= WHAT THE TASK REQUIRES =
Exactly reproduce all the records, keeping pictures out of the copy.
####################
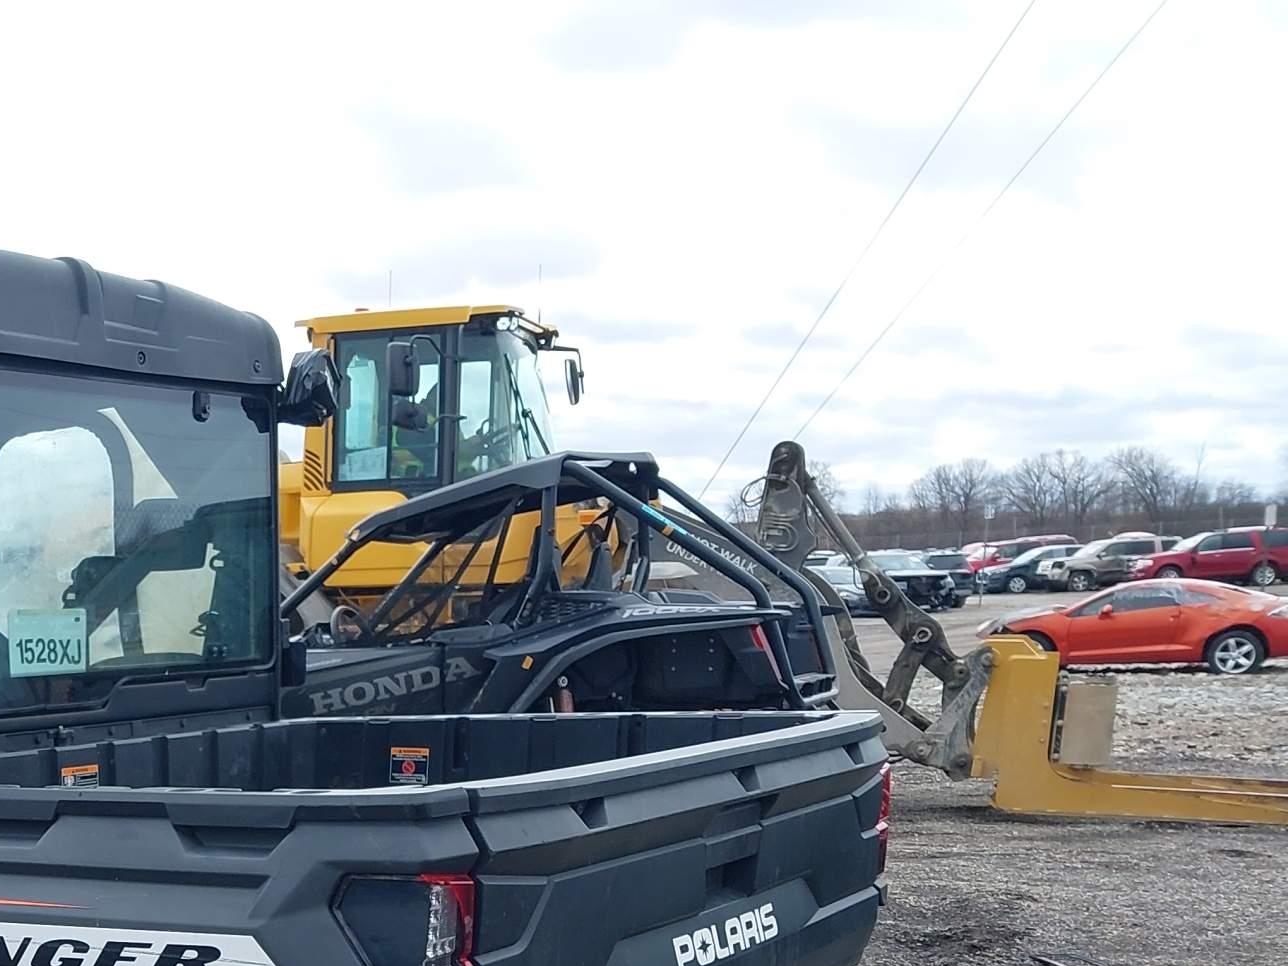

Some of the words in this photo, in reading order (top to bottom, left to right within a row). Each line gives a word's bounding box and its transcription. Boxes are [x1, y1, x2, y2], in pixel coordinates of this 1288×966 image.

[721, 548, 758, 574] WALK
[16, 638, 81, 665] 1528XJ
[309, 657, 481, 715] HONDA
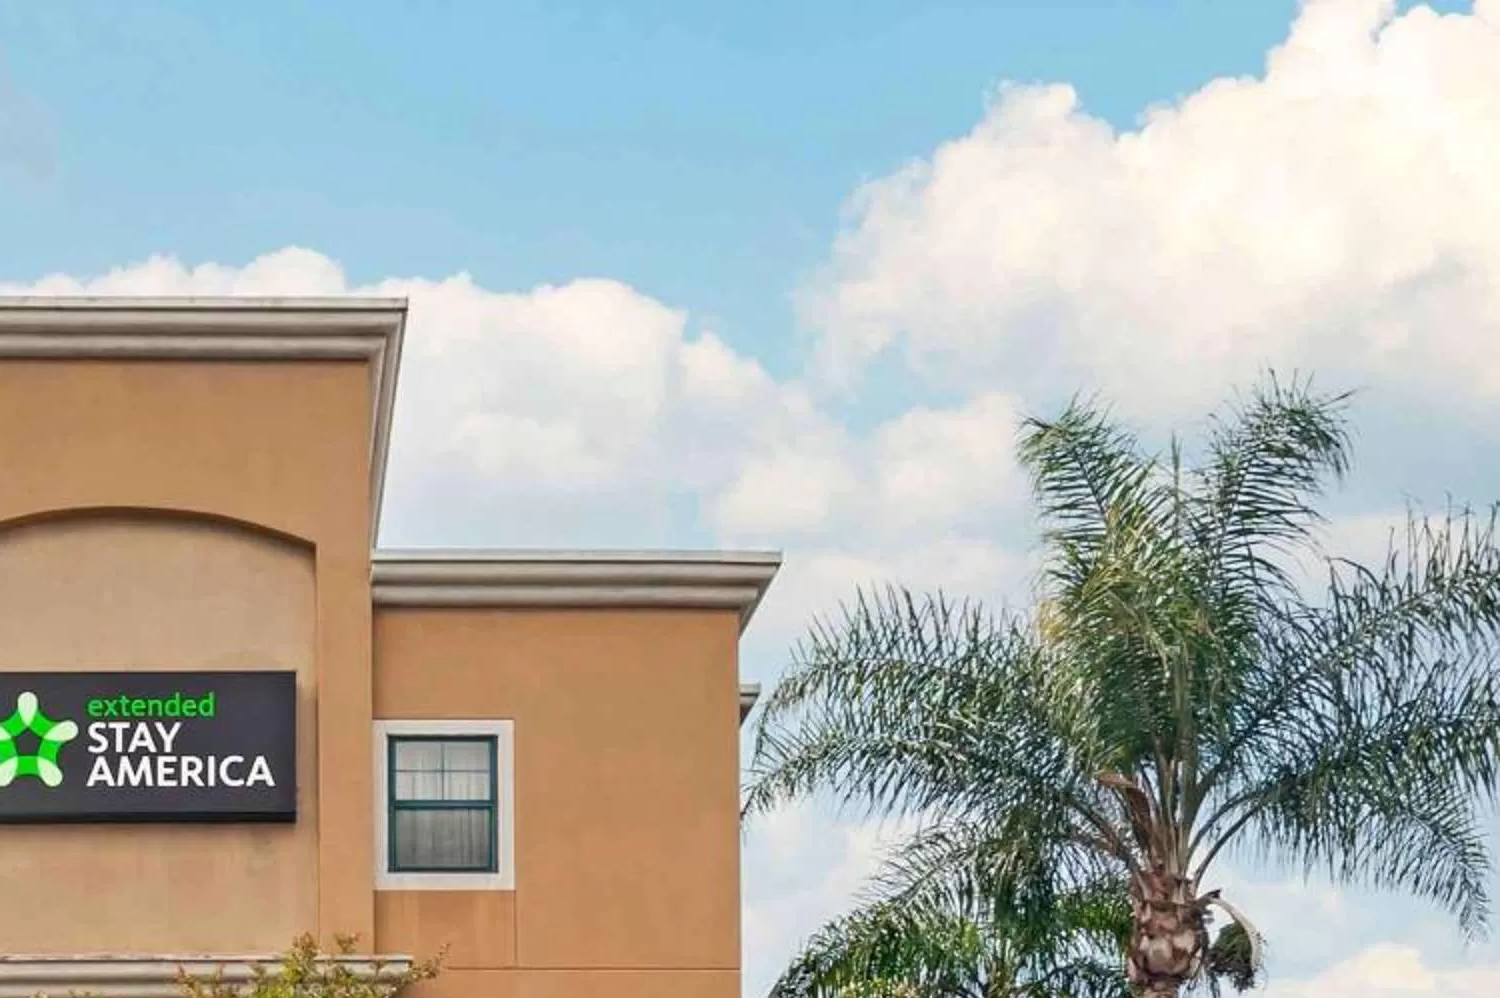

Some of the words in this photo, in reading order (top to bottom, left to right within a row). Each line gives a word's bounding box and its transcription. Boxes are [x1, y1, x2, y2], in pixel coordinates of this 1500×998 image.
####################
= YOUR SOLUTION =
Some of the words in this photo, in reading order (top to bottom, left to right within a row). Each line gives a word's bounding box and its transcription. Boxes are [x1, y1, x2, y2], in pixel coordinates of this 1288×966 image.

[721, 548, 758, 574] WALK
[16, 638, 81, 665] 1528XJ
[309, 657, 481, 715] HONDA

Some of the words in this photo, in reading order (top to bottom, left to right within a row). Each line gives a word's bounding box and its transcription. Boxes are [x1, y1, x2, y2], in pixel coordinates of this 1500×998 image.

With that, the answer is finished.